General Terms of Delivery                                                               

of Letex GmbH, Augsburg

 2005

1. Application Excluding any application of he General Terms of Business of our suppliers and customers« are provided that no differing written agreements have been made, these Terms apply to all the deliveries and purchases which we make. In supplementation, the legal regulations appropriate in any particular case apply and, in cross-frontier trade, the most recent Version of the INCOTERMS of the International Chamber of Commerce.

2. Payment within 30 days without deduction or within 14 days with 2% discount. In case we accept bills of exchange, discount and bank charges have to be paid by the buyer. We do not guarantee for presentation and entering a protest in due time. It is not allowed to set off claims against our Claims and to lay a lien on them. If there arise doubts concerning the solvency of the buyer or in case the time of payment has passed, we are entitled to demand prepayments and to revoke granted dates of payment. In case of exceeding the date of payment. we are moreover justified in charging interests amounting to the customary bank debit interest rate, at least, however, 3% over the respective bank rate of the Deutsche Bundesbank of the amount of invoice.

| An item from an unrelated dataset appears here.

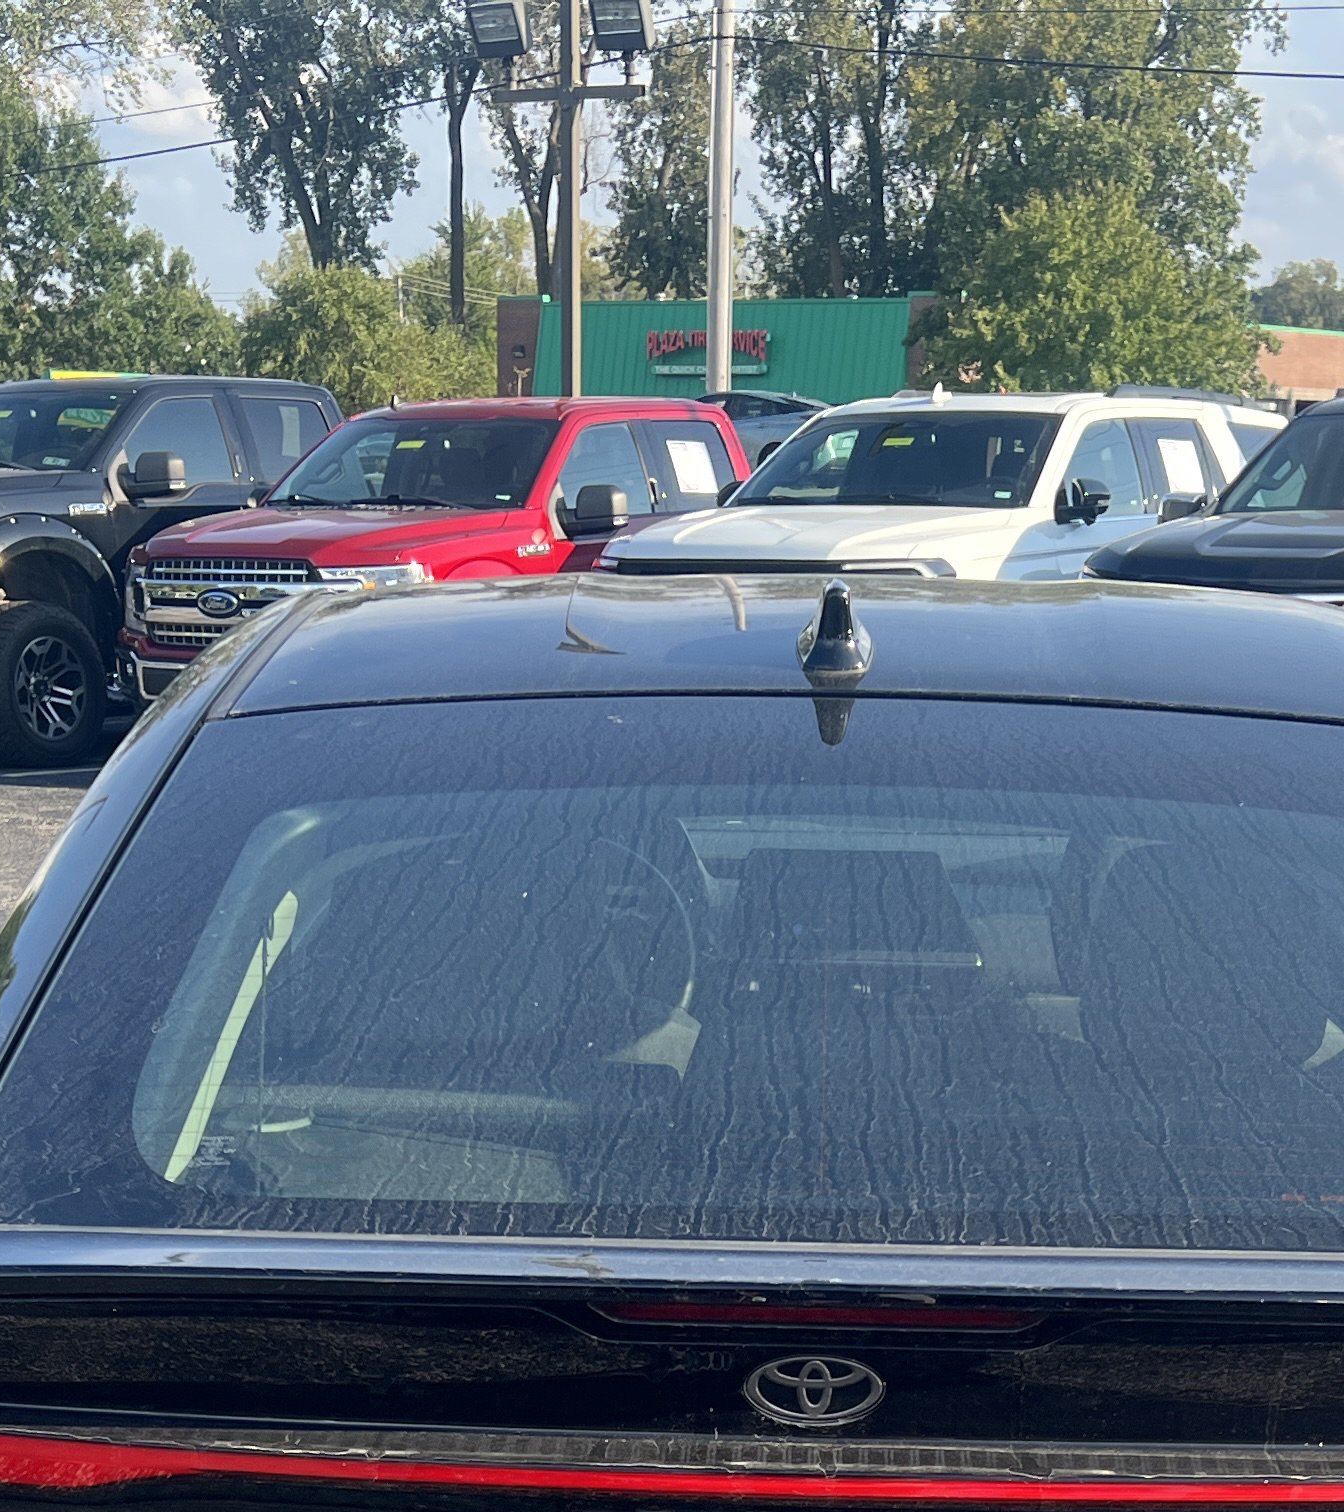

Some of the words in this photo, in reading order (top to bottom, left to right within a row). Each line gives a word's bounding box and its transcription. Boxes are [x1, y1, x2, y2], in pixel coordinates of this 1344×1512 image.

3. Delivery is made for account and risk of the buyer, not insured from the place of delivery or by placing at disposal on stock, regardless of the fact who will bear he transport costs. Embarrassments in delivery occurring at the seller or to his supplier, be it by an Act of God, official rneasures, interruption of work, stoppage of raw material or by other reasons for which the seller may not be hold responsible, authorize the seller to claim for an adequate time to deliver subsequently corresponding at least to the duration of the embarrassment of delivery, but amounting to a maximum of 8 weeks. Both the seller and buyer, after this date, are entitled to withdraw from the contract. Claims by the buyer for compensation delivery or damages due to non compliance or due to non-opportune compliance, in those cases, are excluded.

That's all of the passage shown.